Main obstacles to Java EE productivity are in its enterprise focus (offers a lot more than than needed for majority of projects) and in its legacy (backward compatibility). There is also a lot more to be done in presentation tier with JSF and state management - watch for JSR-299 to address these among other improvements.
Grails is a Java webapp framework very much modelled after Ruby on Rails, with similar principles (DRY, CoC) and productivity gains, but based on existing Java frameworks (Spring, Hibernate, several others).
I've been working on an exploratory project using Grails for a few weeks now (no previous experience in Grails or Groovy), and I'm quite impressed. There are a few rough edges - it's not as mature as RoR, but you can get results quickly and there's never the feeling that the framework is getting in your way.
Maybe it's best illustrated by this concrete example: I wanted to edit a 2D array of domain objects in a grid on a single webpage and found that the automatic mapping of the resulting HTML request data to the domain objects (provided by Spring MVC, I believe) had a bug that caused some data to be mapped to the wrong objects. I looked around on the web for an hour, but apparently nobody had encountered or solved the problem. Eventually I decided to forego the automatic mapping and do it "manually" - and then found that it took me no more than about 10 lines of code...
It's often cited that RoR and similar frameworks based on dynamic languages are more productive environments, but I am really interested to know if there are hard data to back this up. This wouldn't be easy, as one should be made certain that she is not comparing apples with oranges. Things like type of project (web 2.0, enterprise application) and team size should be taken into consideration. However, for small projects it is more than evident that such frameworks are indeed far more productive than Java EE. So this is a short list of arguments used to support this and what you can do for them in the Java world.
Ruby is a more intuitive and concise language. You can do the same thing with much less code.

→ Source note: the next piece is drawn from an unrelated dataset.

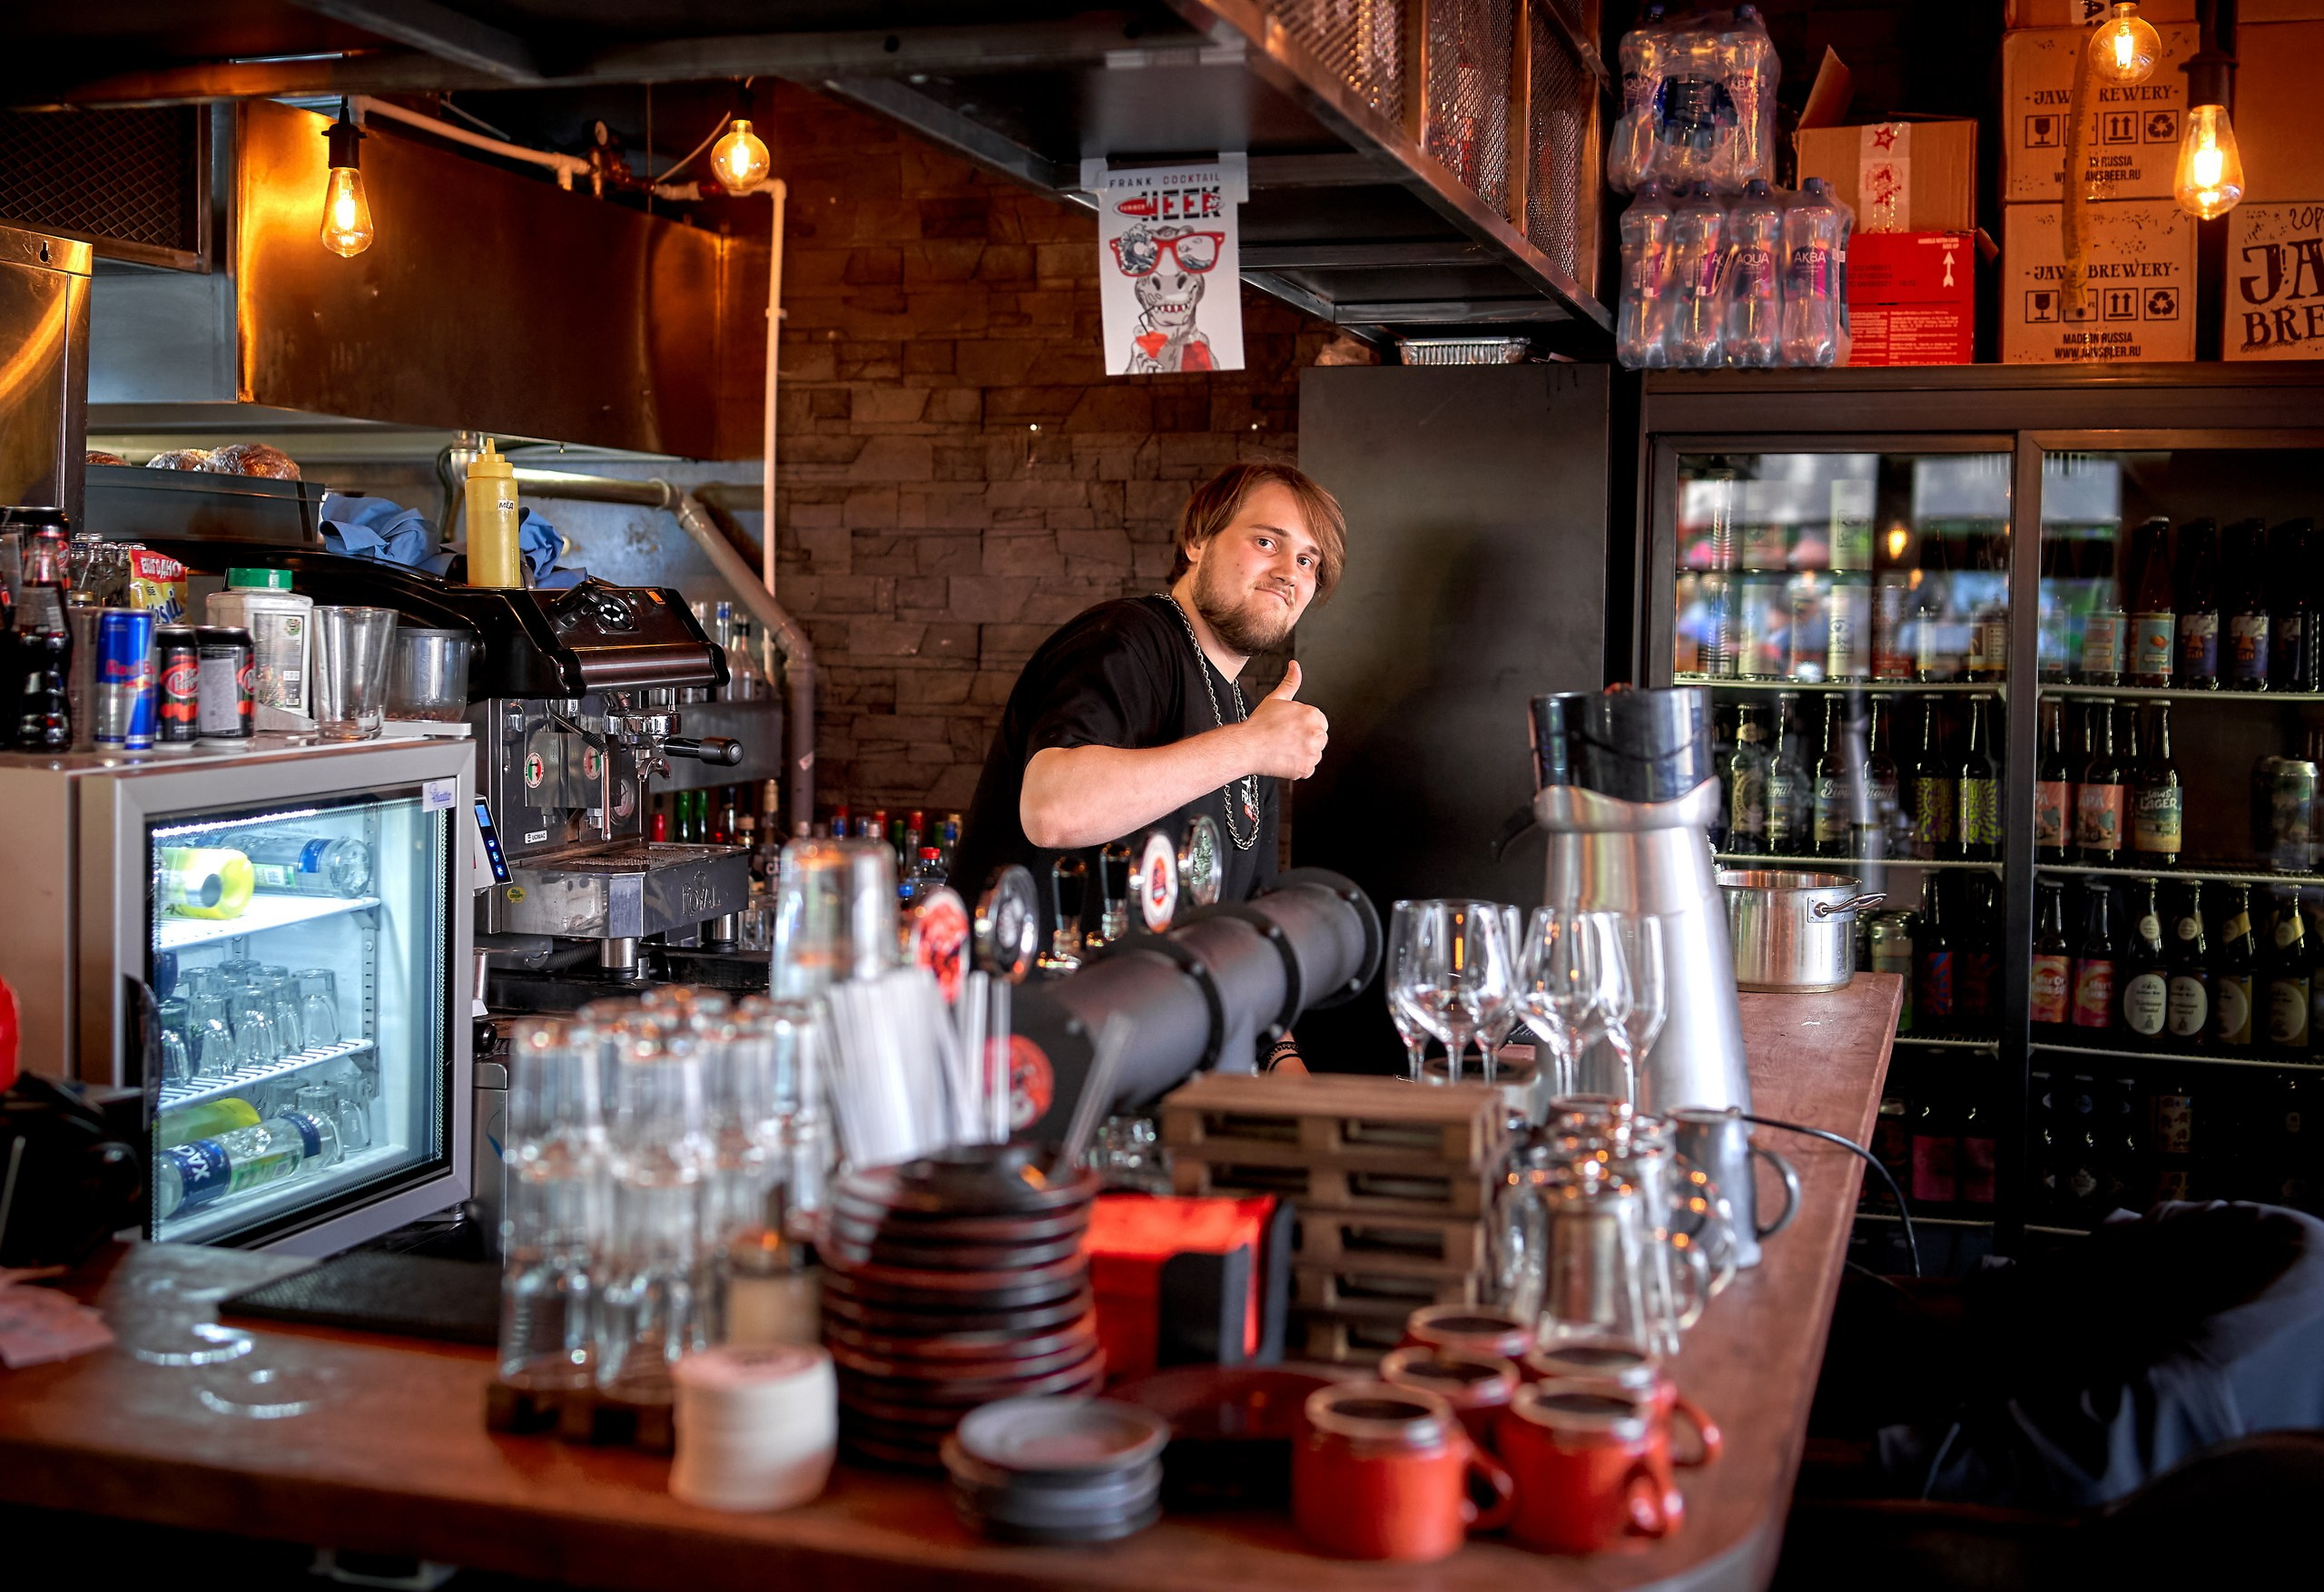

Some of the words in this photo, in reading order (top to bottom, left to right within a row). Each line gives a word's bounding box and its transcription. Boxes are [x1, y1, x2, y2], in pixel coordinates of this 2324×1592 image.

I don't think you can have the same thing in Java, unless of course you use a dynamic language that runs in the JVM (JRuby, Scala, Groovy). Otherwise, your IDE can help. In Jave an IDE is an essential tool and it will pay you back if you learn to use it well (code generation, snippets, refactoring). In fact there are many things you can do with a Java IDE that are simply impossible to do with a Ruby or Python IDE. Plus you have the benefits of a static typed language. It may take more time to type, but it helps you avoid common mistakes.
Ruby is much more fun to use. Makes the developer happier and more productive.

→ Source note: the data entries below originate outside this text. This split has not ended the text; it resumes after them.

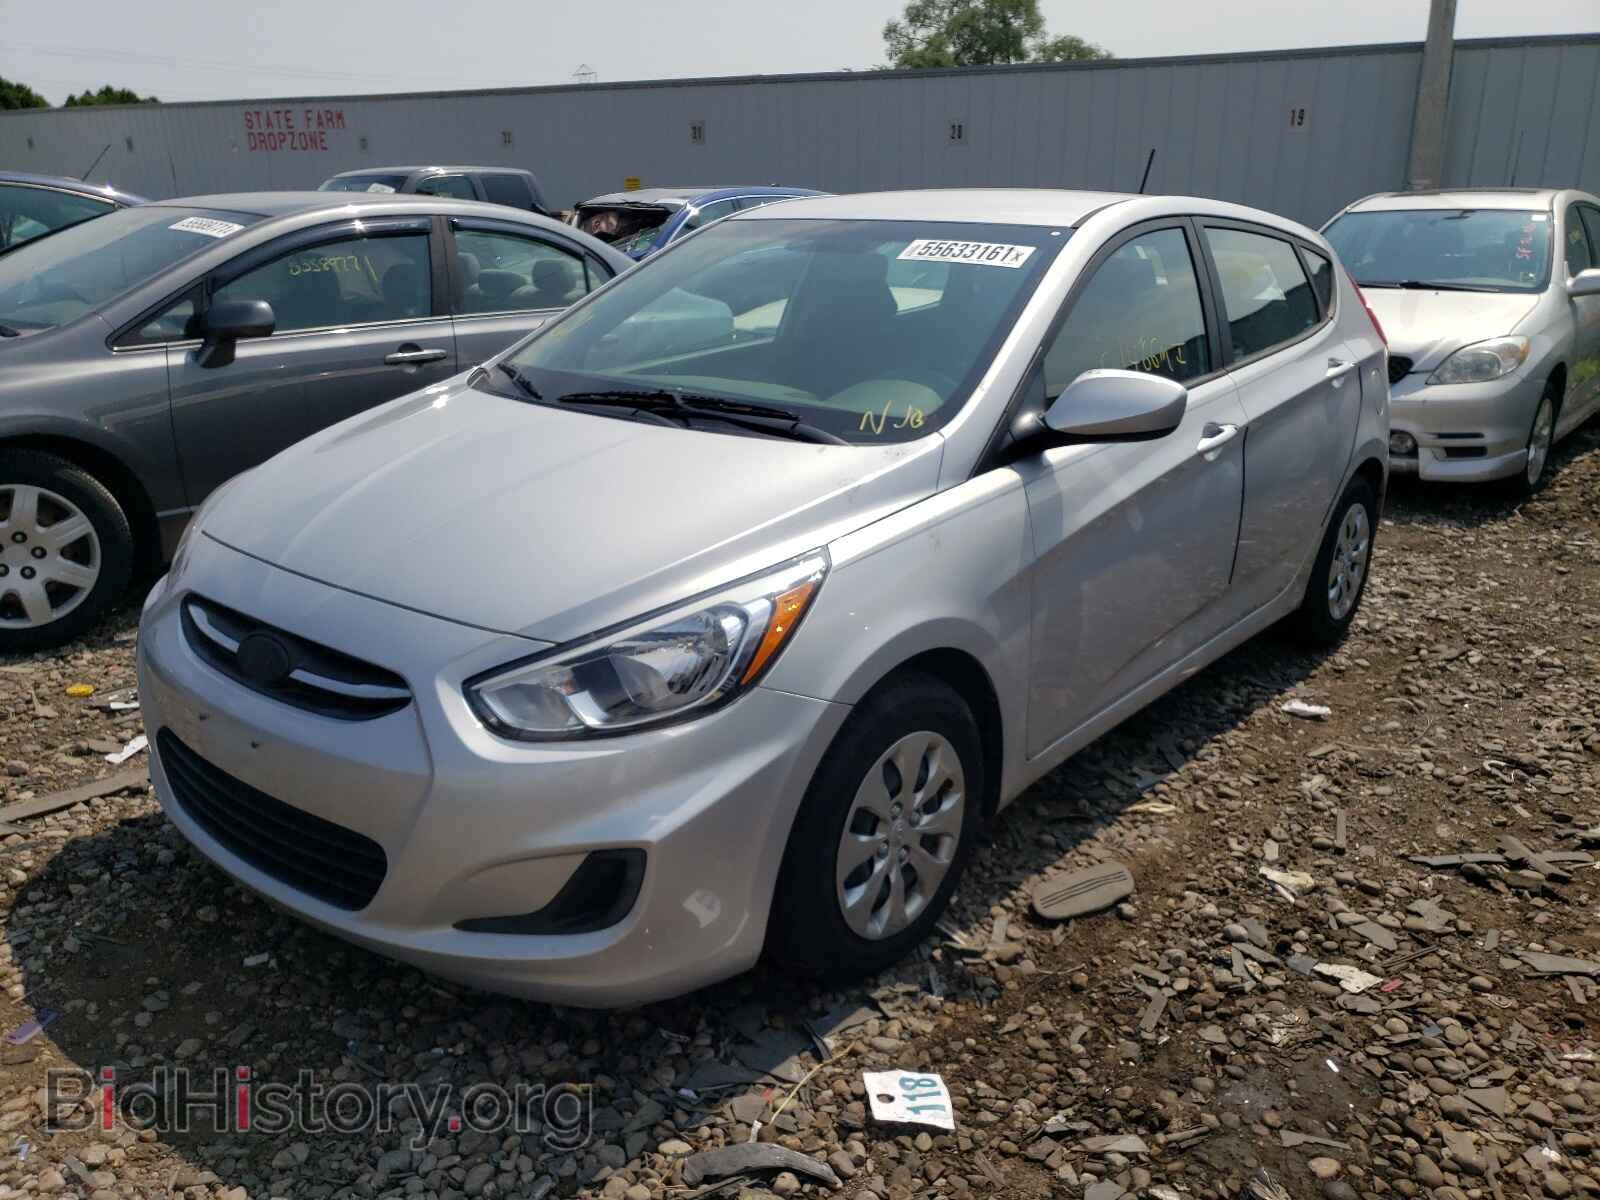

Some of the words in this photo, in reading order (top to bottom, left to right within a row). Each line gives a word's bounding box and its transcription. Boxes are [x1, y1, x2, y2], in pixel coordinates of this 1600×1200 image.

[244, 110, 294, 129] STATE
[304, 109, 346, 128] FARM
[248, 131, 328, 151] DROPZONE
[918, 241, 1015, 262] 55633161
[898, 1076, 946, 1115] 118

Same as above. Highly subjective argument in my opinion though.
Convention over configuration makes things faster
A dependency injection framework like Spring or Guice can help
Scaffolding, MVC already there for you.
Again Java MVC frameworks can help
Databases made easy. Load database items as objects. Can change the database on the fly.
Hibernate, iBatis or another ORM framework can help. With Hibernate Tools you can achieve similar functionality with what you have in RoR with yml files
Load new modules instantly
Maven or Ant Ivy can help
Easy deployment for testing
Your IDE or Jetty can help. In fact debugging is easier with Java
Testing integrated with the framework. Use of mock objects facilitate testing
A dependency injection framework can help with mock objects. JUnit was a pioneer of unit frameworks. I don't think that Java is less easy to test.

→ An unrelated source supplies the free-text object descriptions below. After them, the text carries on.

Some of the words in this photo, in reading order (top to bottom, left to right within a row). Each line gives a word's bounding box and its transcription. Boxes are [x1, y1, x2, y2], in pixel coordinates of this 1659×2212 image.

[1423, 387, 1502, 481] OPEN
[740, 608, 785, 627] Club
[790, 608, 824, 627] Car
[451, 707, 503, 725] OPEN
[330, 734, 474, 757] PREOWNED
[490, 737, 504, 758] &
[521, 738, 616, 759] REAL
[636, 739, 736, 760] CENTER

I would definitely go for Spring together with Hibernate for persistency related stuff.
Why Spring?
The advantage of using Spring instead of another framework is that Springs philosophy is to be "non-invasive". Usually when you're using a framework most probably you'll start to depend on that framework which can be a bad issue if the application is considered to run for a longer time where you then have also to do maintenance etc. Spring uses the so-called "Inversion of Control" (IoC) pattern. Basically your code doesn't (it can but it doesn't have to) call Spring, but Spring will call you (Hollywood principle: "don't call me, I'll call you"). So for instance you can use normal POJOs (Plain Old Java Objects) and you don't have to inherit from any framework-related classes/interfaces.
Another big problem (if not the biggest) in Software Engineering are dependencies. You'll fight for reducing them as much as possible since they will make your life harder (especially in maintenance later on). Spring reduces dependencies among your components drammatically by managing the instantiation of components through configuration files and the dependency injection pattern. I wouldn't want to go on, the best thing is that you start reading some tutorials at the official Spring website. Initially it may need some time in the understanding but once you got it you'll earn a lot of benefits.
Since Jython 2.5 you can use django to satisfy the requirements you listed. It's pretty easy to generate war files from django projects and deploy them on J2EE application servers.
Just wanted to pitch in another idea... you can actually use JRuby and Rails (similar to the previous comment about Django and Jython).
If you use JRuby with Rails and JRuby Rack (and maybe some other utilities... I wasn't the one to actually get the integration going initially), you can deploy JRuby Rails additions to an existing Java web app. We have a legacy JSP application deployed with Tomcat, and are now starting to add new pages using Rails with just that setup (in addition to extending the JSP side when necessary). So far it has been quite successful, though we don't have any of the major high traffic pages implemented in Rails, so I don't know how well it will scale.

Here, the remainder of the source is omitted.